Ora ha cominciato le procedure per la domanda d’asilo in Germania, che anche nel 2014, come ha annunciato pochi giorni fa l’Unhcr, è stato il Paese che ha ricevuto di gran lunga più richieste d’asilo nel mondo, ben 173 mila (il 30 per cento di tutta l’Europa), contro le 121 mila degli Stati Uniti, le 77 mila della Turchia e le 75 mila della Svezia. Numeri in cui i profughi siriani sono i grandi protagonisti, visto che nel 2014 in 150 mila hanno chiesto asilo fuori dai confini, il doppio degli iracheni e degli afghani; circa 40 mila, lo hanno chiesto in Germania. Dallo scoppio della guerra civile, che secondo il Syrian Observatory for Human Rights ha fatto già 210 mila vittime, circa 9 milioni di siriani hanno lasciato le proprie case, 3,5 milioni dei quali, secondo l’Unhcr, hanno trovato rifugio all’estero, soprattutto in Paesi confinanti come Turchia (1,5 milioni), Libano (1,1), Giordania (620 mila), Iraq (232 mila) ed Egitto (136 mila). A fine marzo la cifra totale è già salita a 3,9 milioni.

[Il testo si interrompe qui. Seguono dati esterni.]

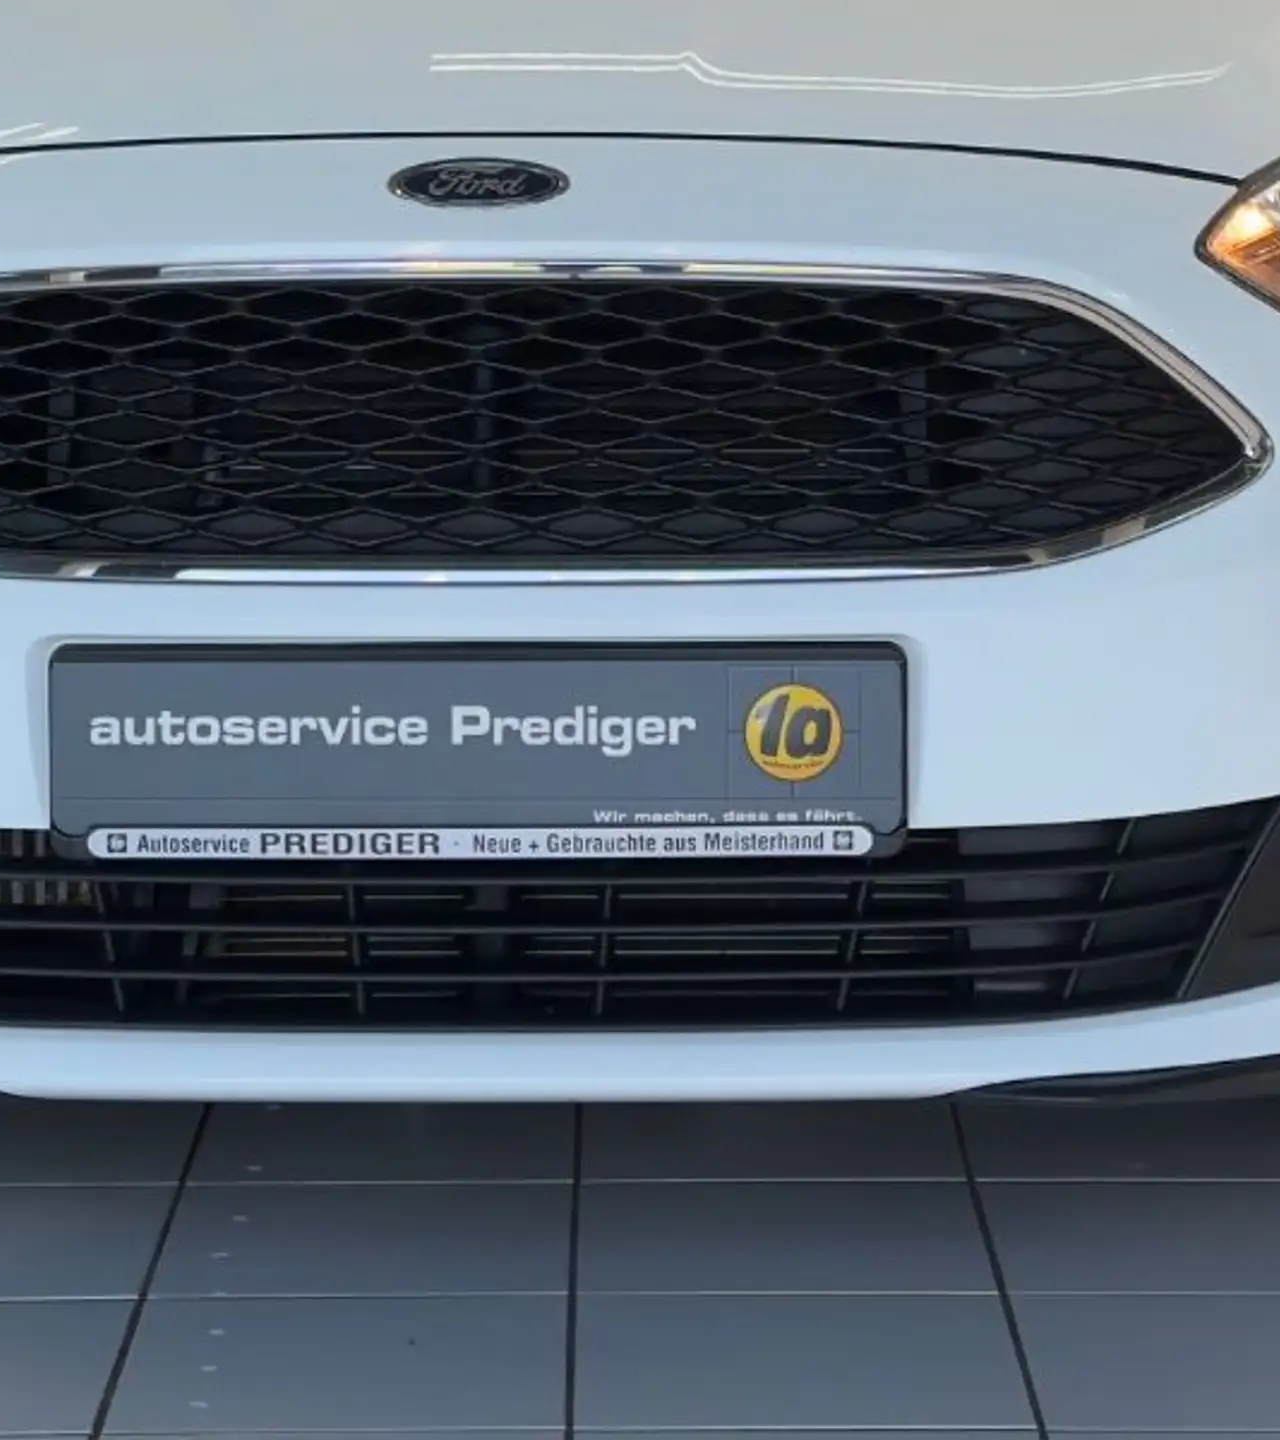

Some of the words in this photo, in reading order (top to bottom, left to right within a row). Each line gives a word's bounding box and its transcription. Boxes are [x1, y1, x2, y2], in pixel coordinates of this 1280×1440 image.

Mohamad Al Masalmeh è uno di loro, o meglio di quella minoranza, tra il 5 e il 6 per cento, che ha cercato rifugio in Europa. Oggi ha 21 anni e aspetta di sapere dalla Germania che cosa sarà di lui. In futuro vorrebbe fare il reporter, come gli ha insegnato suo cugino. Ma il suo sogno è poter lavorare in Siria, dove un giorno spera di tornare per raccontare la rinascita del suo Paese. D’altronde che Odissea sarebbe, senza un finale con un ritorno a casa?